Despite lots of cogenerators, wind turbines and everything else, there are bound to be times when electric generation falls short. We can burn oil for these occasions if we have nothing else. GE gas turbines are as much as 40% efficient and combined-cycle plants hit well over 50%; burning oil in stationary turbines would be at least twice (maybe three times) as efficient as burning it in gasoline engines, even in hybrids. If you only need them when the wind is calm and the sun isn't shining, you won't need them all that much anyway.
If all else fails and there really is no electricity to spare for charging, the plug-in hybrids can fall back to being like regular hybrids. (link)
One thing that is absent from this proposal is subsidies for alternative energy. This is deliberate; if petroleum fuel costs an extra dollar per gallon, this gives the alternatives a cost advantage of the same amount for everything above the fuel involved in making them. This rewards real energy production and eliminates differential tax subsidy, e.g. taxing the diesel used as road fuel but not the diesel used to cultivate corn for ethanol.
This appears likely to promote biodiesel from waste grease (large cost advantage), not be so good for biodiesel from virgin oil, and kill ethanol from corn (1.34:1 EROEI cuts its cost advantage from 52¢/gallon with current subsidies down to about 25¢/gallon after the fuel for cultivation and distillation are taken out).
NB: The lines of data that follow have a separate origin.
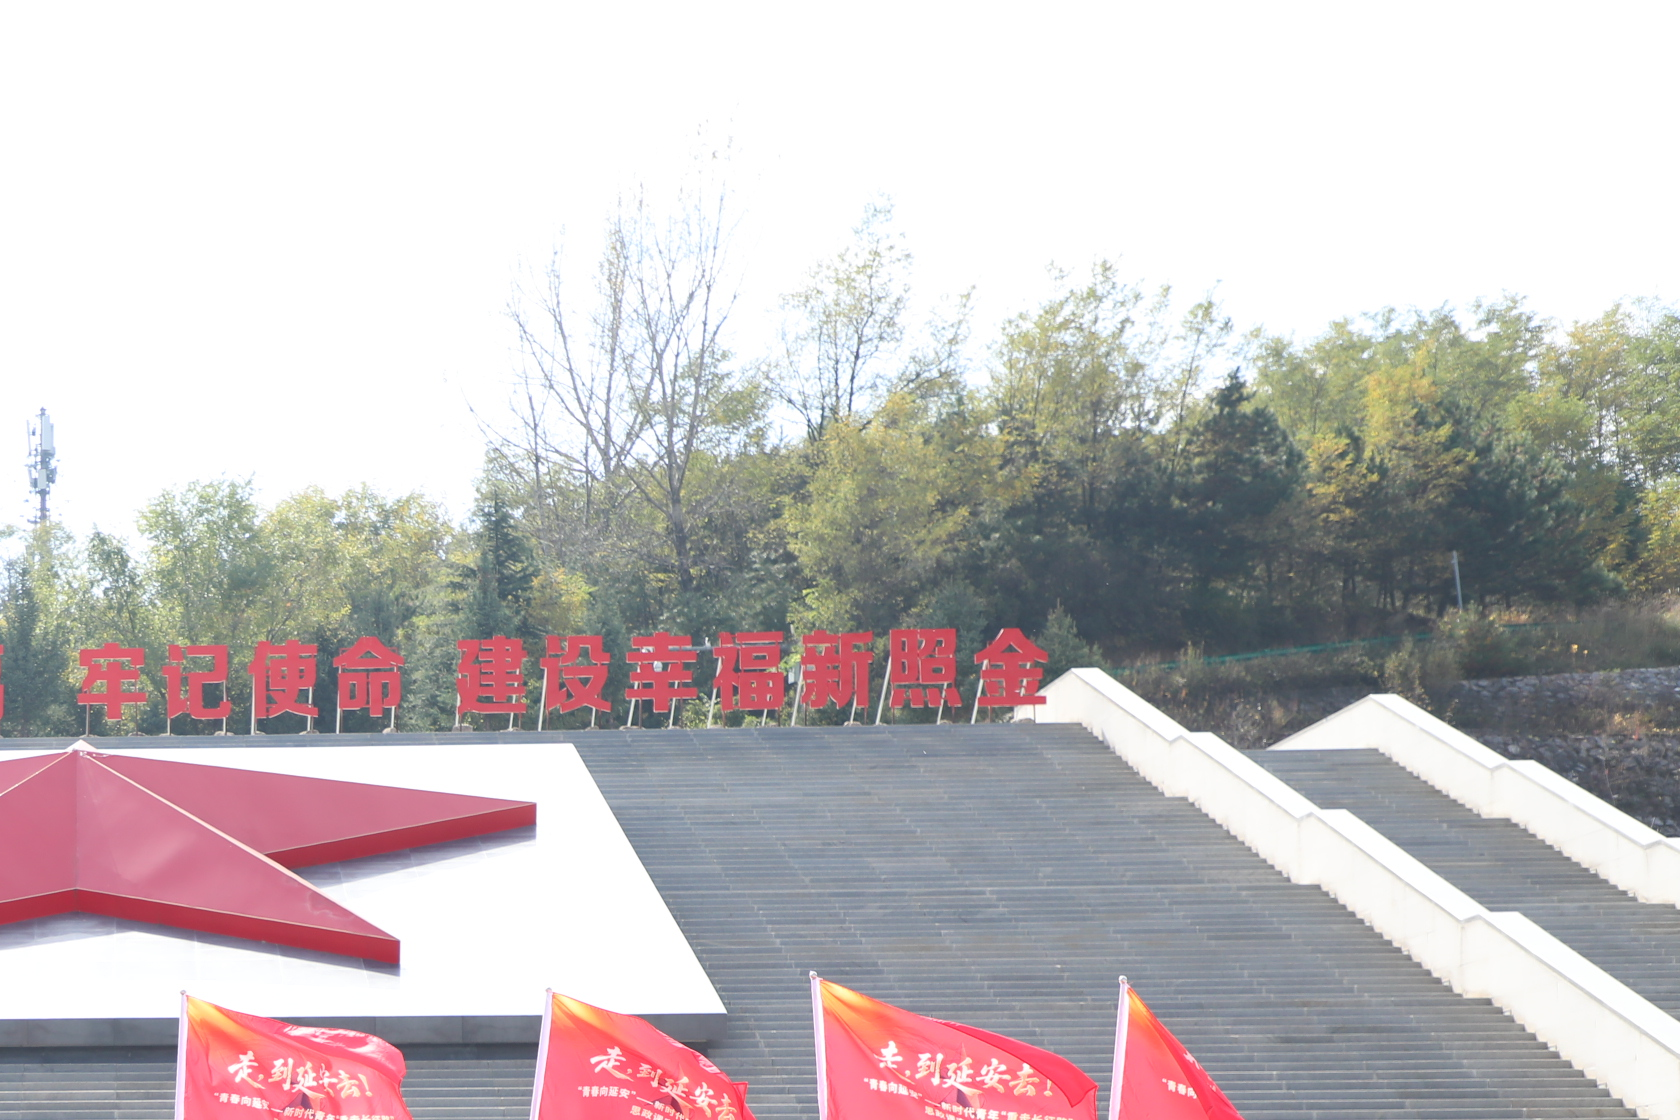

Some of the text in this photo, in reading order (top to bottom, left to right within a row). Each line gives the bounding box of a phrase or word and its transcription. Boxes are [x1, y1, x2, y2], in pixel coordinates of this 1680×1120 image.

[77, 635, 402, 721] 牢记使命
[456, 627, 1049, 714] 建设幸福新照金
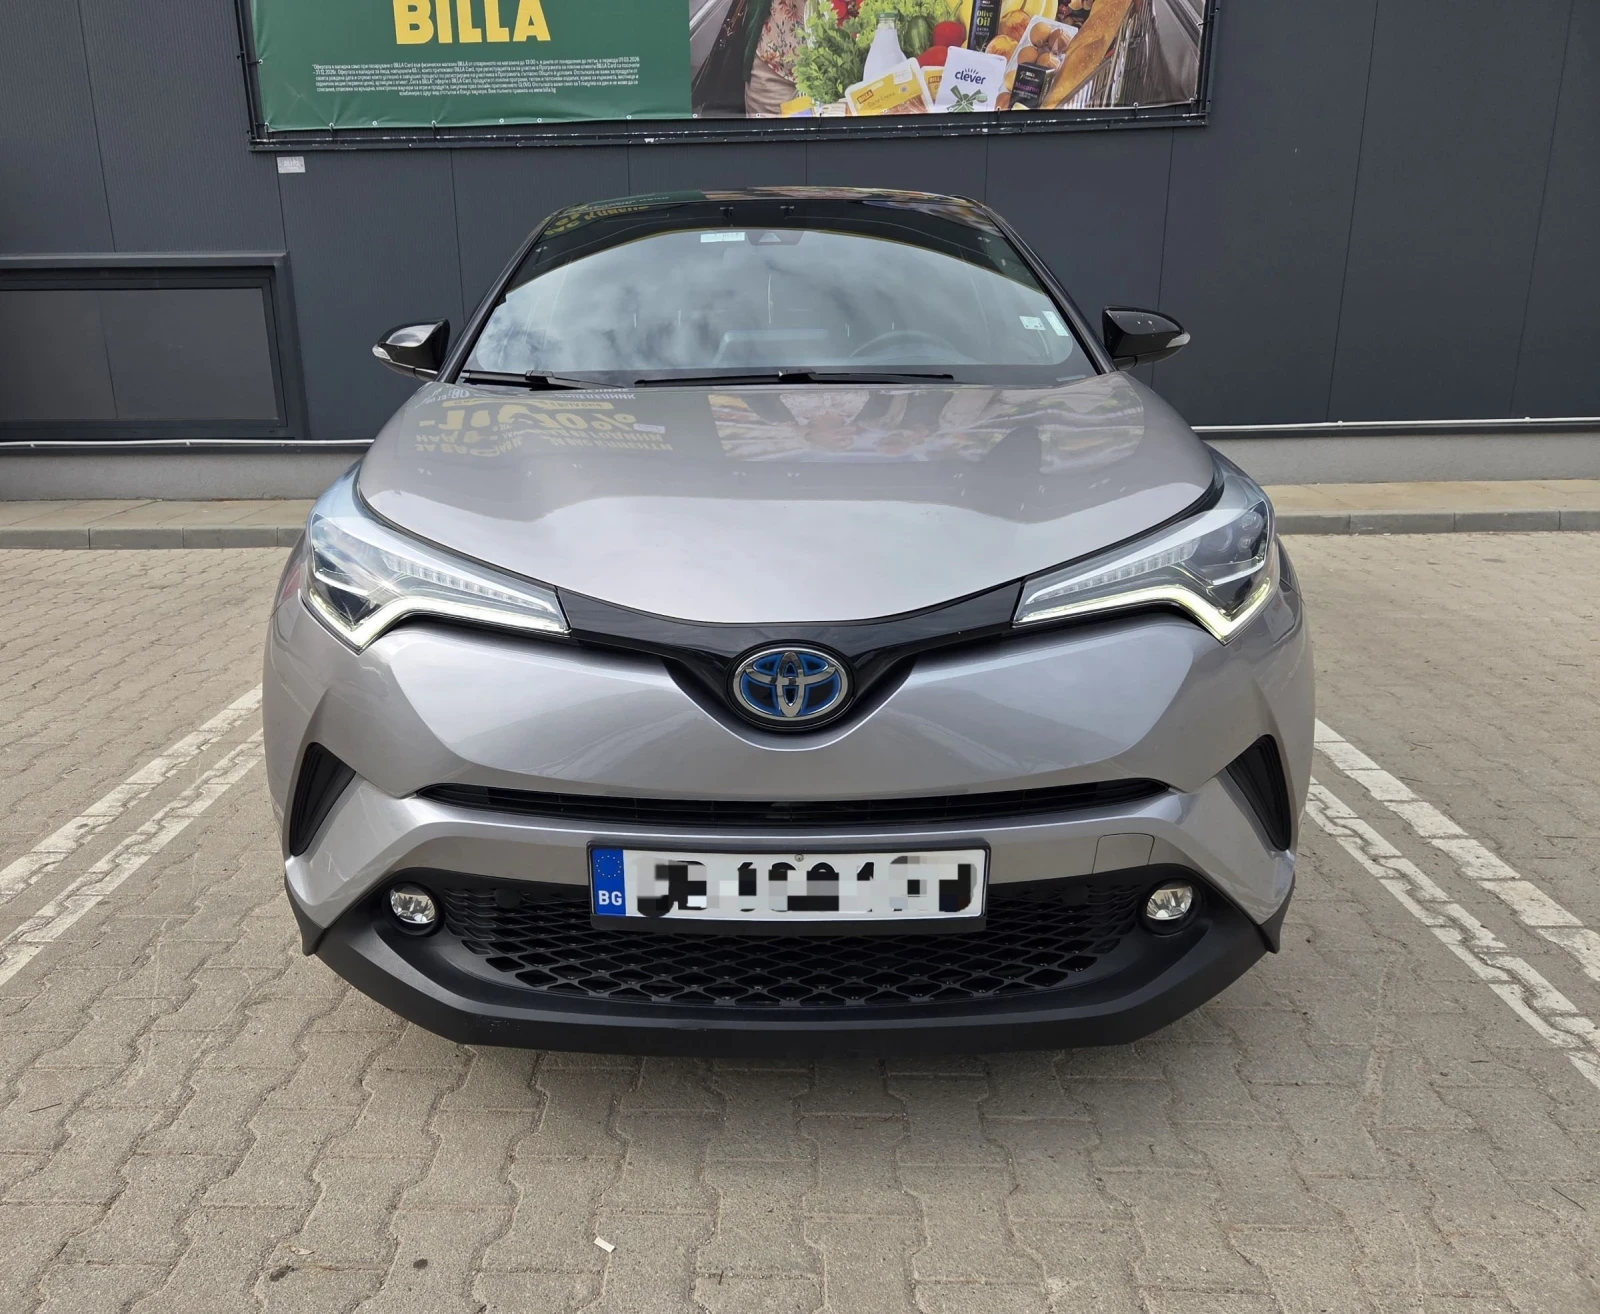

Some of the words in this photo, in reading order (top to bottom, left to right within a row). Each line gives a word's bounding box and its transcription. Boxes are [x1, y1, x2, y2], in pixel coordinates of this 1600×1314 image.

[393, 0, 552, 44] BILLA
[976, 17, 990, 26] Oil
[955, 71, 986, 85] clever
[598, 890, 623, 906] BG
Taxes on natural gas will make wind power pay all the better ($5/million BTU costs an extra 3.5¢/kWh to a generator using 7000 BTU/kWh, more than twice the wind production tax credit), and also prompt generators to get the most out of coal, nuclear and everything else domestic. All projects with good rate of energy return would be promoted, and that's good for both the country and the environment. (link)
My little 173-word blurb for SinceSlicedBread has grown to over 1900 words here. I suppose I shouldn't be surprised; it was a very abbreviated synopsis of a much bigger concept (or set of concepts). I could go on further, but I think this is enough for a broad overview and real detailed analysis should go in separate posts. If I do this, I'll add hyperlinks both out of this and back to the individual sections.
Analytical readers, tell you what: if you want to expand on these things in your own blogs, I'll link to solid analyses that aren't my own. And if I win anything from SinceSlicedBread, the beer and pizza are on me when I come to town.